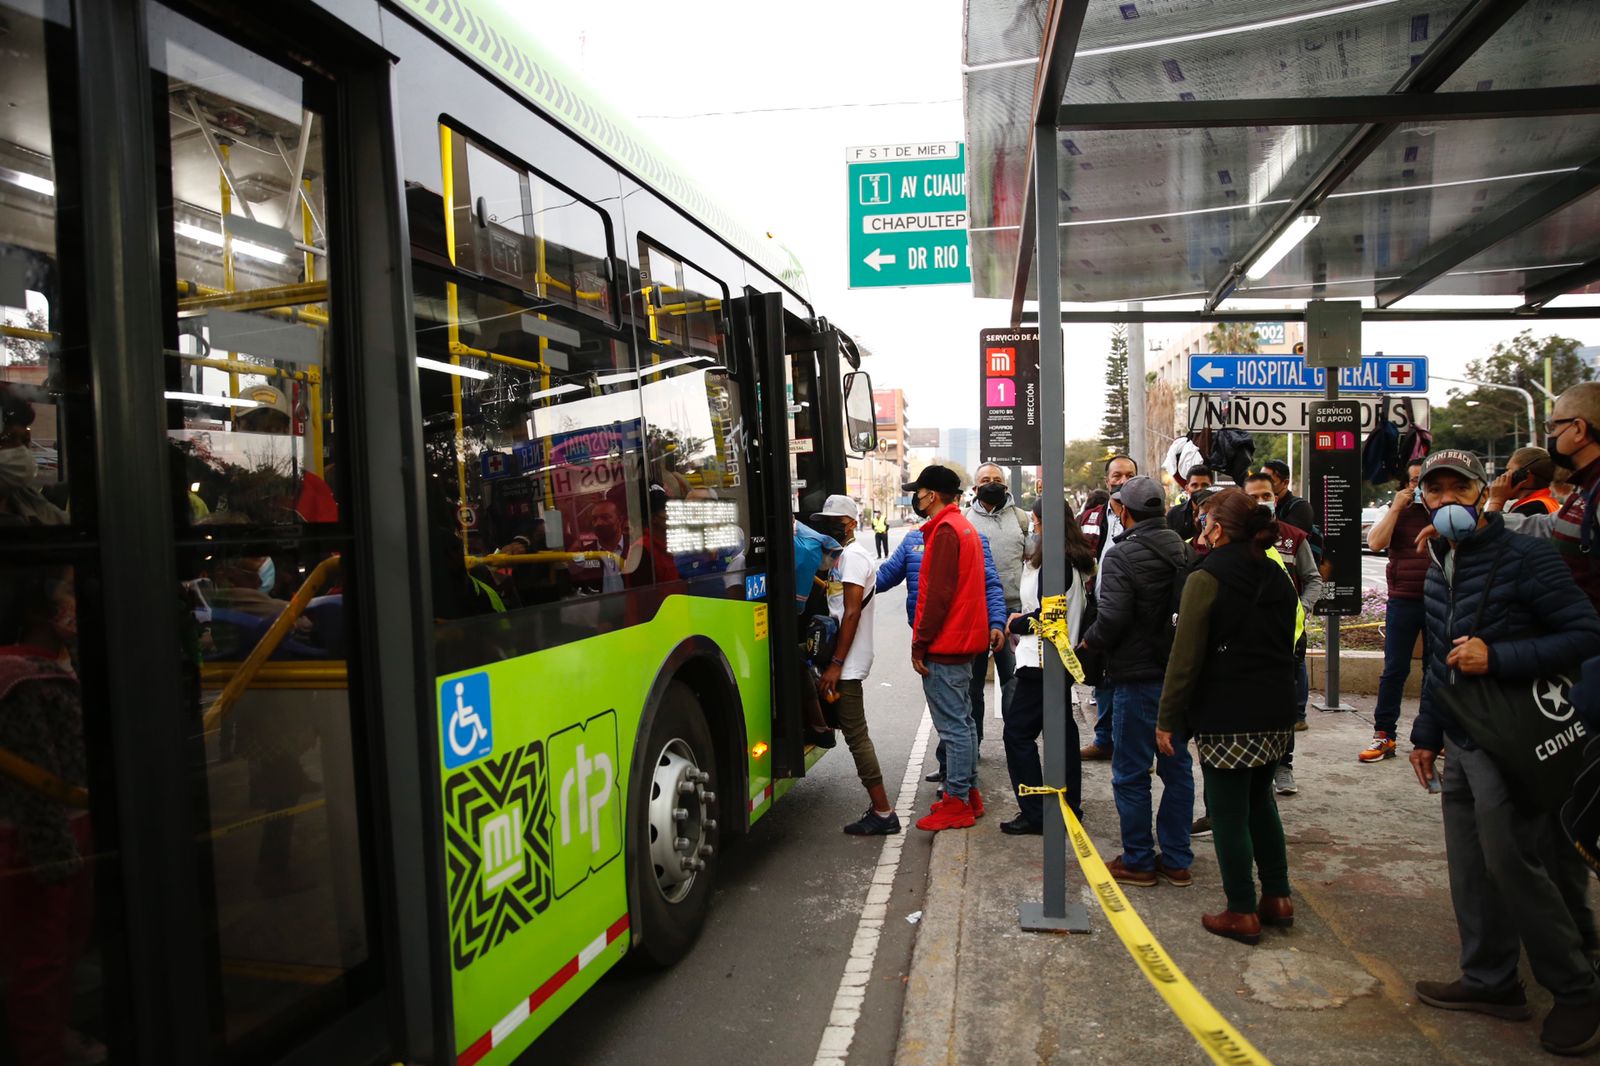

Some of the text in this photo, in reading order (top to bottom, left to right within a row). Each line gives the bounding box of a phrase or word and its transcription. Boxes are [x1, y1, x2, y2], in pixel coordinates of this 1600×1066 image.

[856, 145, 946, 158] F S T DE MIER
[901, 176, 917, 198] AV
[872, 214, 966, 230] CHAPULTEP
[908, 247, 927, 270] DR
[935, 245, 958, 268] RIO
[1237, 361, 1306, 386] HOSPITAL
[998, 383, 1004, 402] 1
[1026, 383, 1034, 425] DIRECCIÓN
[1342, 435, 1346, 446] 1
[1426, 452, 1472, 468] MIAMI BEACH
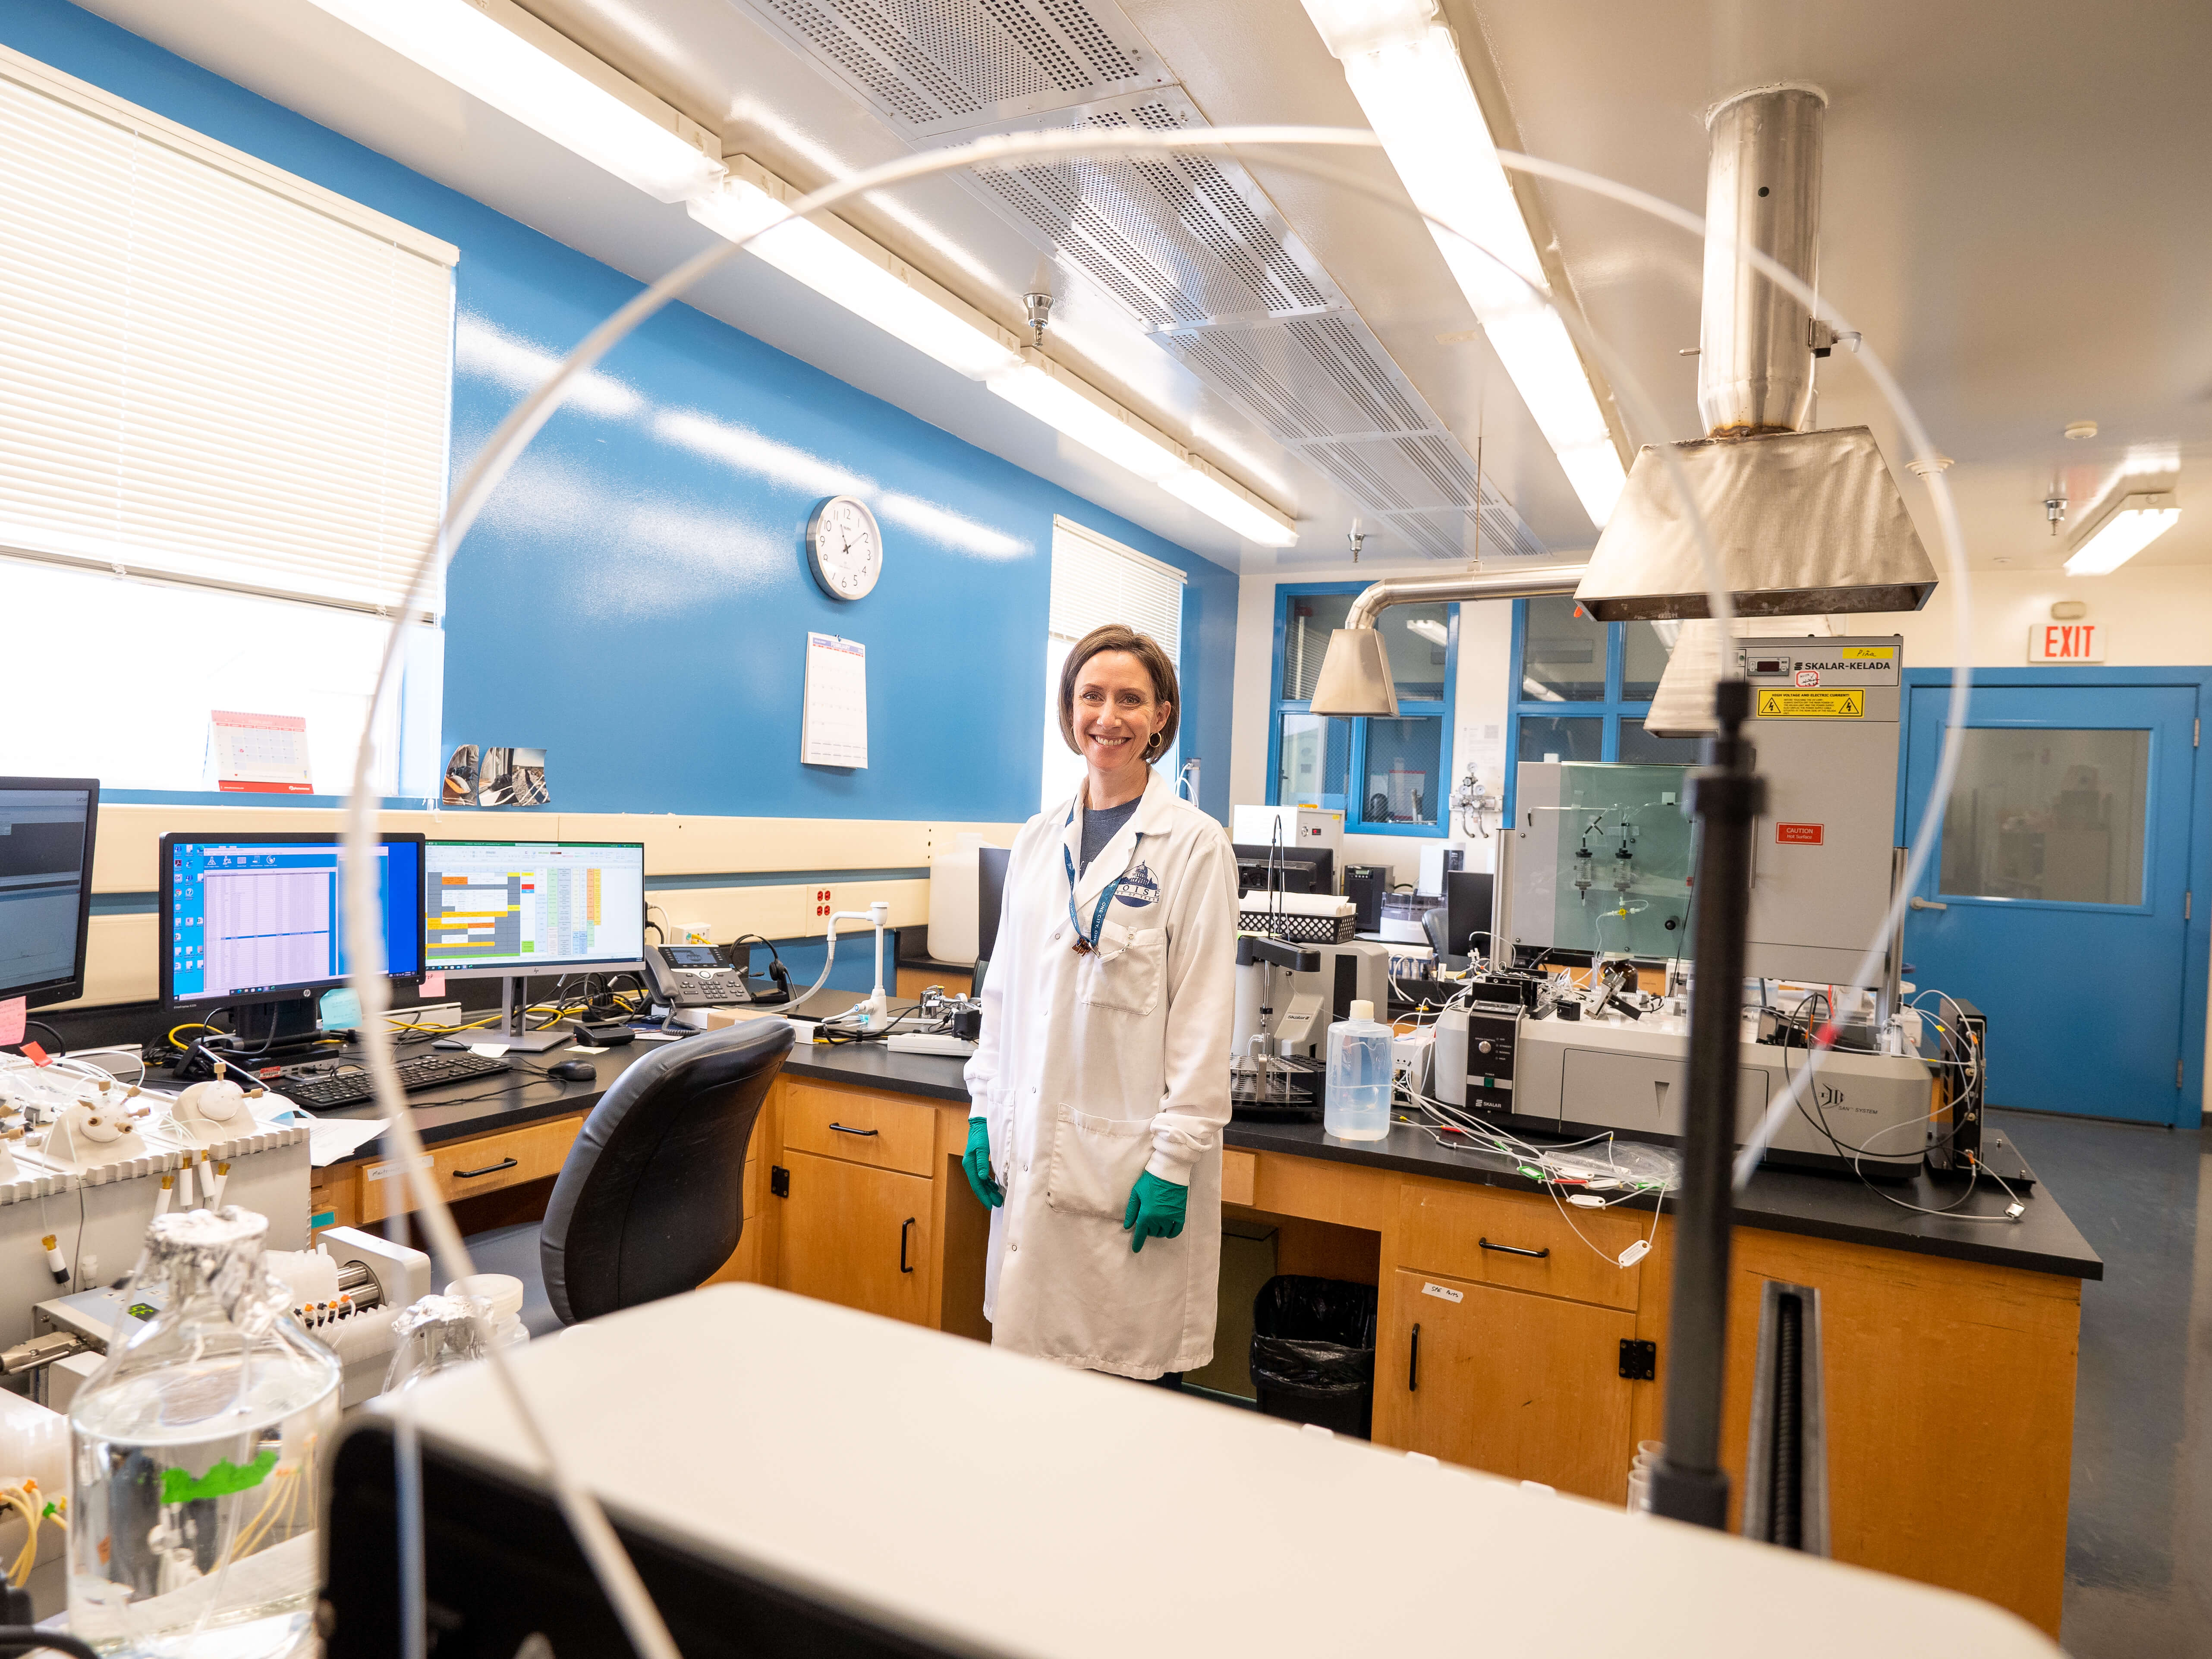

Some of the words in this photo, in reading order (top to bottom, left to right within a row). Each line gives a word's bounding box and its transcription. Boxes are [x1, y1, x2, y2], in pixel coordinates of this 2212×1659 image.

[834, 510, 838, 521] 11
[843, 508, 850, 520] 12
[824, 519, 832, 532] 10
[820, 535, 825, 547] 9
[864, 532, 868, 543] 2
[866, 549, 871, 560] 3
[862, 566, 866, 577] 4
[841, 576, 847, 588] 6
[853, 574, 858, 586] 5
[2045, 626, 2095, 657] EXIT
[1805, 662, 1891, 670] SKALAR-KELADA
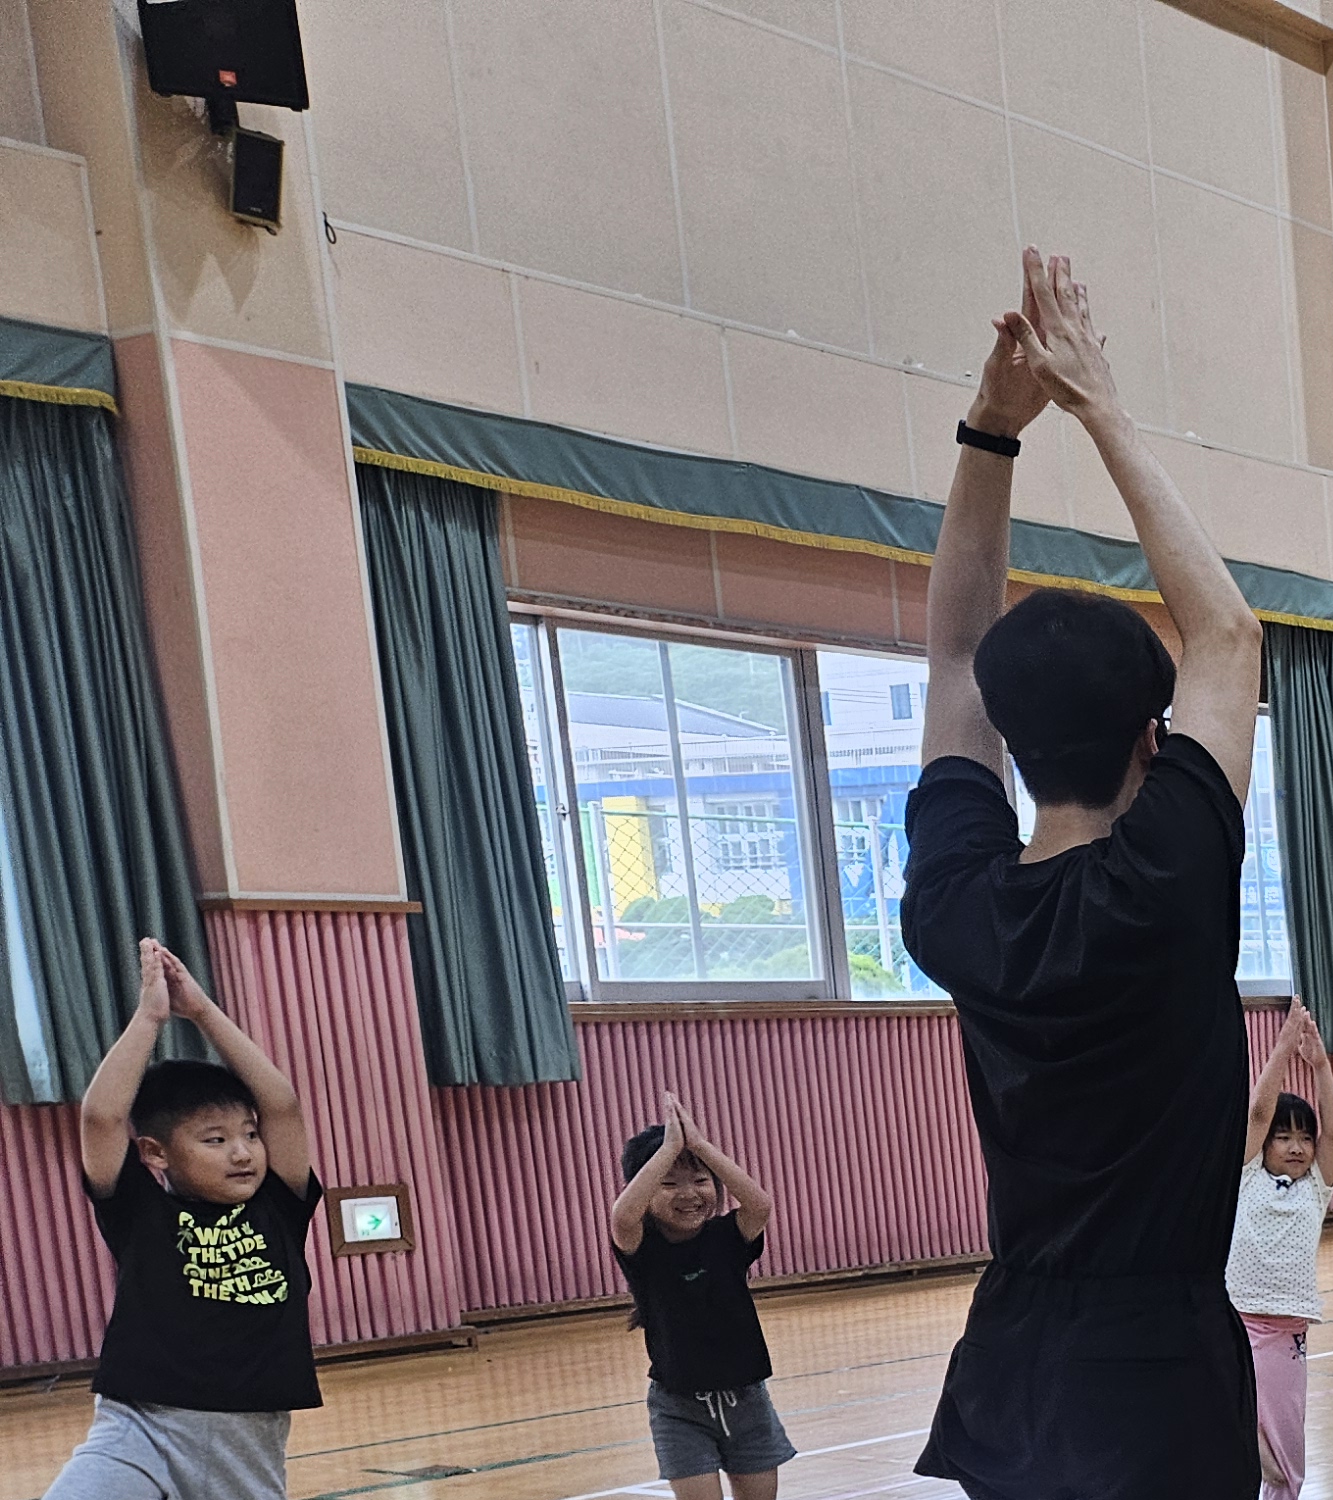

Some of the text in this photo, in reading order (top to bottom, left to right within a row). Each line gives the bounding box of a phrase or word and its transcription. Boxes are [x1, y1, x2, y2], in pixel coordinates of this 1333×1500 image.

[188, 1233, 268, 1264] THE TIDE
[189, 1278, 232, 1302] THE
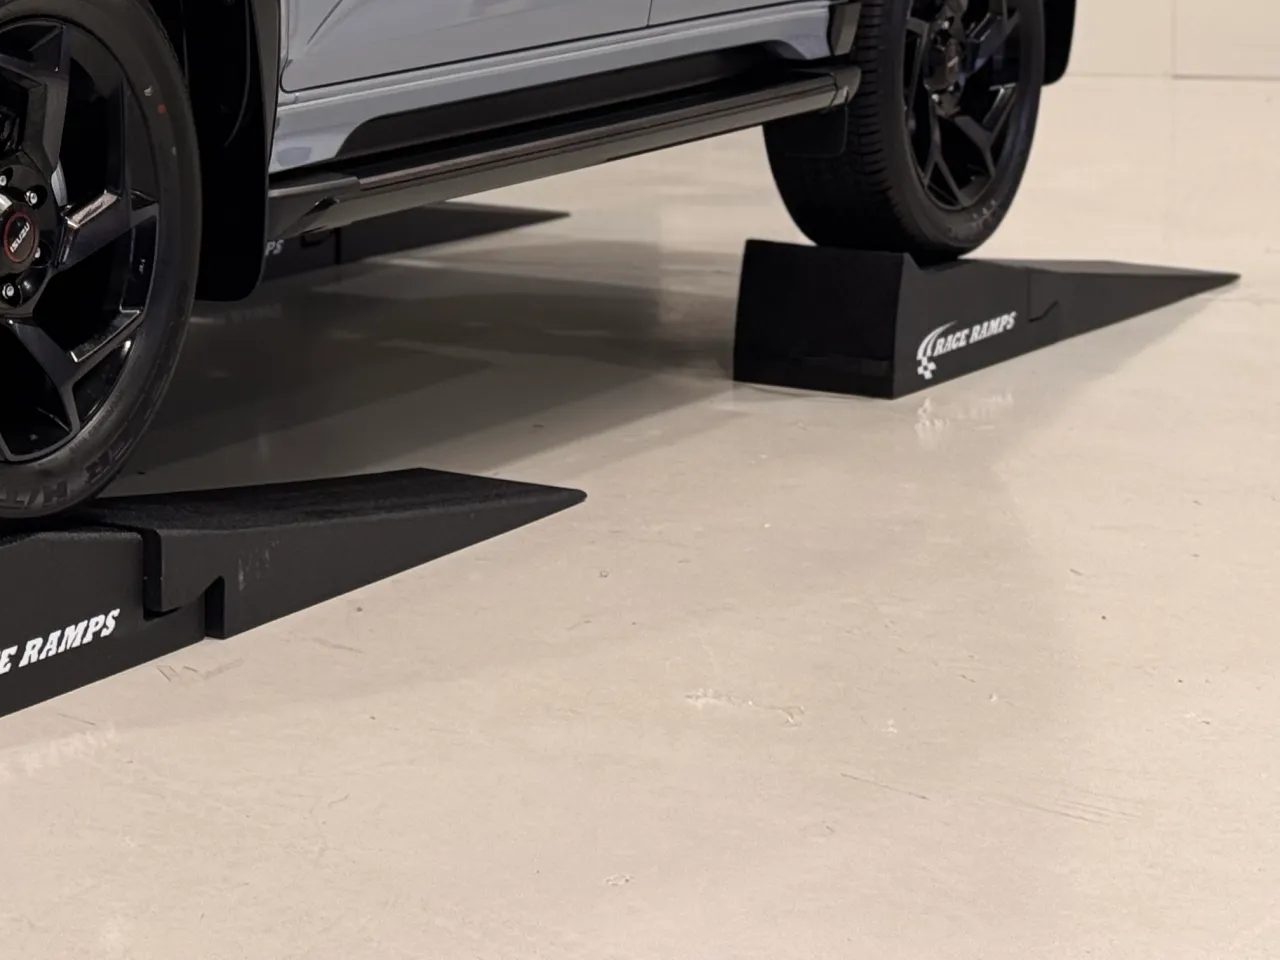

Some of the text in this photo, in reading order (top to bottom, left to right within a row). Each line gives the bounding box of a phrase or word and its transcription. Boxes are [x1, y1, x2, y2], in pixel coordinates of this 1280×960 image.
..............................
§ WHAT YOU NEED TO DO
Would you retype the entries above in full, exactly as written, minus the pictures?

§ RESULT FOR THIS TASK
Some of the text in this photo, in reading order (top to bottom, left to right within a row). Each line gives the bounding box of a phrase or word and its transcription. Boxes are [x1, y1, x2, y2], in pixel coordinates of this 1600×1066 image.

[856, 145, 946, 158] F S T DE MIER
[901, 176, 917, 198] AV
[872, 214, 966, 230] CHAPULTEP
[908, 247, 927, 270] DR
[935, 245, 958, 268] RIO
[1237, 361, 1306, 386] HOSPITAL
[998, 383, 1004, 402] 1
[1026, 383, 1034, 425] DIRECCIÓN
[1342, 435, 1346, 446] 1
[1426, 452, 1472, 468] MIAMI BEACH

Some of the words in this photo, in reading order (top to bottom, left to right within a row). Each line gives a word's bounding box and its transcription. Boxes are [x1, y1, x2, y2], in pixel coordinates of this 2212×1659 image.

[834, 510, 838, 521] 11
[843, 508, 850, 520] 12
[824, 519, 832, 532] 10
[820, 535, 825, 547] 9
[864, 532, 868, 543] 2
[866, 549, 871, 560] 3
[862, 566, 866, 577] 4
[841, 576, 847, 588] 6
[853, 574, 858, 586] 5
[2045, 626, 2095, 657] EXIT
[1805, 662, 1891, 670] SKALAR-KELADA

Some of the text in this photo, in reading order (top to bottom, left to right within a row). Each line gives the bounding box of a phrase or word and its transcription. Boxes are [x1, y1, x2, y2], in pixel coordinates of this 1333×1500 image.

[188, 1233, 268, 1264] THE TIDE
[189, 1278, 232, 1302] THE

Some of the text in this photo, in reading order (top to bottom, left to right within a row). Each line gives the bounding box of a phrase or word and its transcription. Boxes are [x1, y1, x2, y2], in pixel coordinates of this 1280×960 image.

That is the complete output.